Yang kedua, tentang contoh soal menghitung lama perjalanan dari Denpasar ke Sydney memang sengaja saya buat ‘terbuka’, agar bisa menunjukkan korelasi antara penetapan asumsi dengan efek kesimpulannya. Bahwa asumsi yang berbeda akan menghasilkan kesimpulan yang berbeda. Dan asumsi tersebut bisa ditetapkan secara obyektif maupun subyektif. Itu saja. 

Yang ketiga, soal Einstein dan Hawking. Bukan cuma Einstein yang ilmuwan teoritis, Hawking pun adalah seorang matematikawan alias ilmuwan teoritis. Tetapi, tetap saja keduanya adalah SAINTIS  yang menerapkan kaidah-kaidah saintifik dalam setiap karyanya. Namun, bukan disitu masalah yang sedang saya bahas. Saya hanya ingin menunjukkan bahwa bagi seorang saintis - selevel Einstein maupun Hawking – pada PRAKTEKNYA tidak bisa menghindar dari subyektivitas asumsi yang berpengaruh pada obyektivitas kesimpulan. Itu saja. Namun, secara TEORITIS, saya kira kita sependapat bahwa Sains mesti dijaga obyektivitasnya.

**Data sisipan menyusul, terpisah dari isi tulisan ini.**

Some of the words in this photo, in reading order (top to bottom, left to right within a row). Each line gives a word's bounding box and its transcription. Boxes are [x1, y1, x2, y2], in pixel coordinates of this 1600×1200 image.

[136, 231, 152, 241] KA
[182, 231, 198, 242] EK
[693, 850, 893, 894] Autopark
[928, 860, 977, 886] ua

                                                                        * * *

Untuk pertanyaan lainnya, dari Kang Eka Iman, adalah soal apakah Al Qur’an bisa digunakan untuk memprediksi masa depan sebagaimana sains. Saya kira perlu diproporsionalkan dulu pemahaman kita tentang keterkaitan antara Al Qur’an dan Sains. Bahwa, Islam tidak pernah memposisikan Al Qur’an dan sains berhadap-hadapan. Sehingga, adalah tidak tepat jika ada pertanyaan seperti ini: ‘’Apakah Al Qur’an dapat digunakan untuk memprediksi gejala alam dan hukum alam yang belum ditemukan oleh Sains?’’

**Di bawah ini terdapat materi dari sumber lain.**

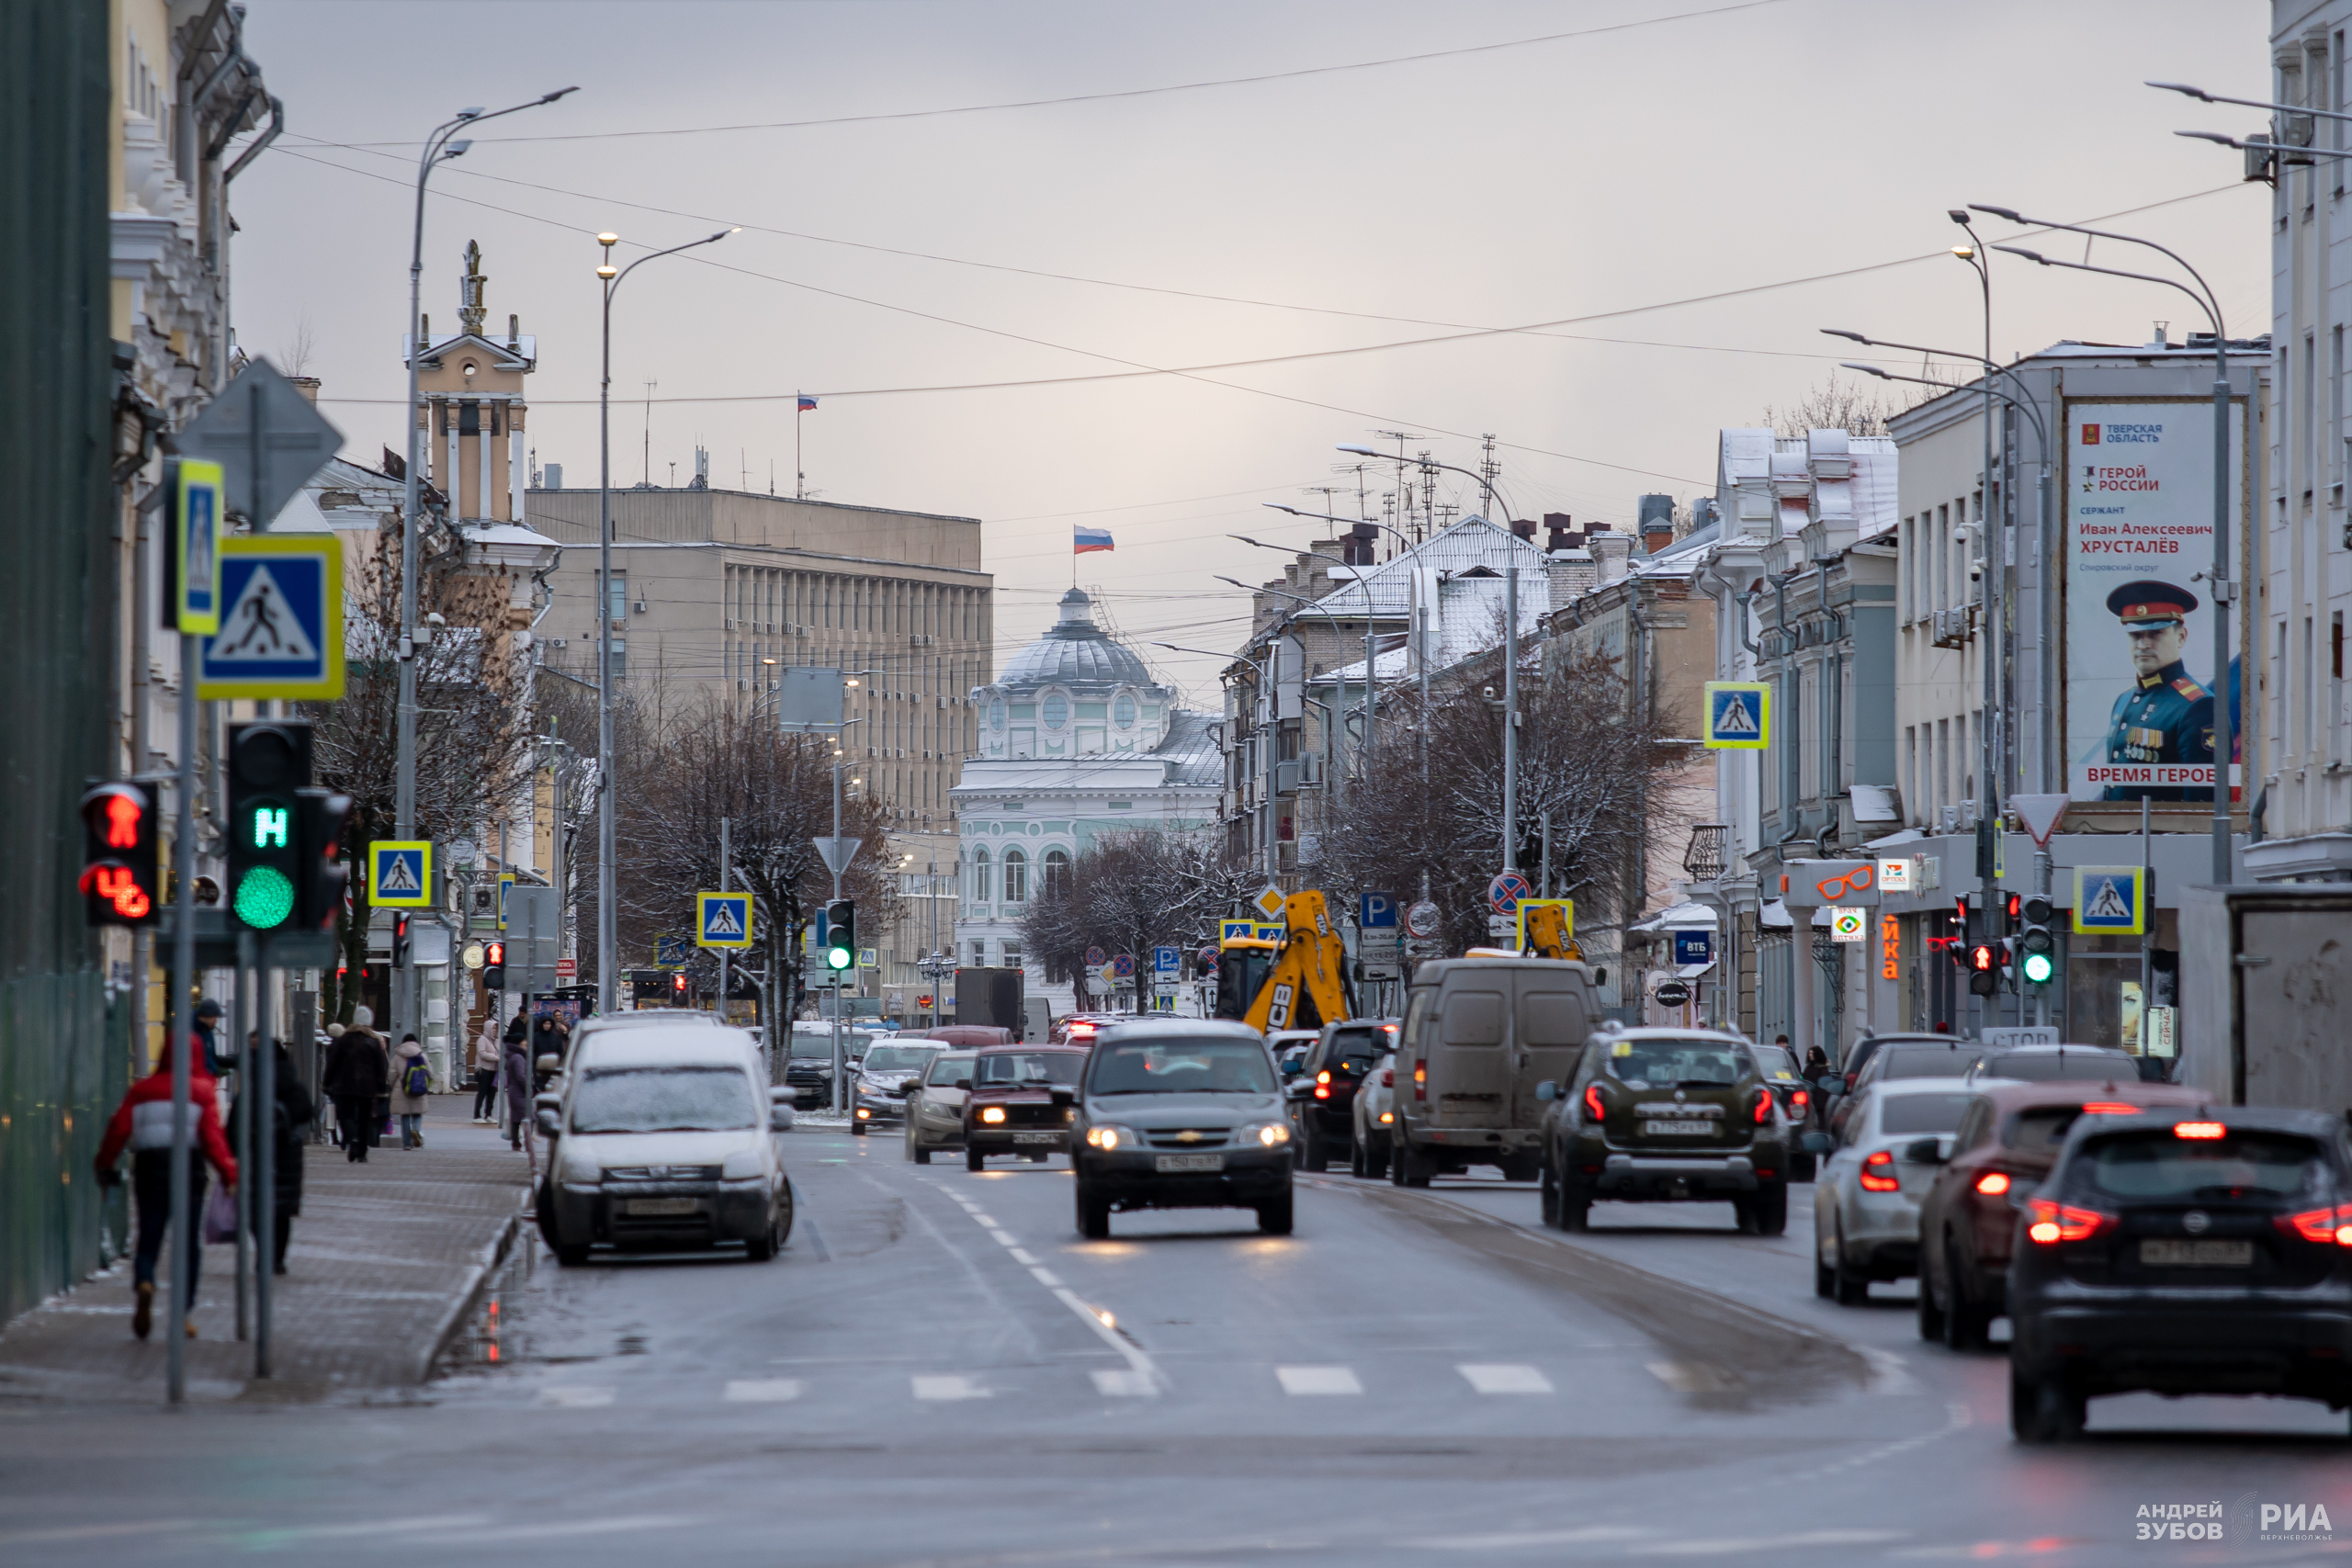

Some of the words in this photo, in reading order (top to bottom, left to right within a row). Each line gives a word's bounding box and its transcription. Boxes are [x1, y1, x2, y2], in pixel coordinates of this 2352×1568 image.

[2107, 424, 2162, 433] ТВЕРСКАЯ
[2107, 434, 2159, 443] ОБЛАСТЬ
[2099, 465, 2146, 479] ГЕРОЙ
[2098, 480, 2159, 491] РОССИИ
[2080, 507, 2125, 515] СЕРЖАНТ
[2080, 524, 2117, 535] Иван
[2120, 523, 2212, 535] Алексеевич
[2080, 537, 2179, 553] ХРУСТАЛЁВ
[2079, 564, 2132, 572] Спировский
[2087, 768, 2151, 782] ВРЕМЯ
[2157, 768, 2216, 782] ГЕРОЕ
[1687, 942, 1706, 952] ВТБ
[2163, 1008, 2171, 1045] СЕЙЧАС

Karena, Al Qur’an memang bukan sains ataupun sesuatu yang layak ditandingkan dengan sains. Tidak apple to apple, ataupun bandeng to bandeng (meminjam istilah Koko Brian). Ayat-ayat Qur’an berada di ‘hulu’, sedangkan sains berada di ‘hilir’. Jadi bagaimana bisa menandingkannya? Yang bisa dilakukan adalah menjadikan yang di ‘hulu’ itu sebagai ‘sumber’ bagi yang di hilir. Itulah sebabnya, saya mengangkat serial notes ini dengan tema: ‘’Al Qur’an sebagai Sumber Filosofi bagi Sains’’. Kalaupun ada yang tidak setuju dan berbeda pendapat, boleh-boleh saja, wong namanya diskusi. Cuma, tentu dengan argumentasi yang jelas dan konsisten agar bisa menjadi pelajaran bersama.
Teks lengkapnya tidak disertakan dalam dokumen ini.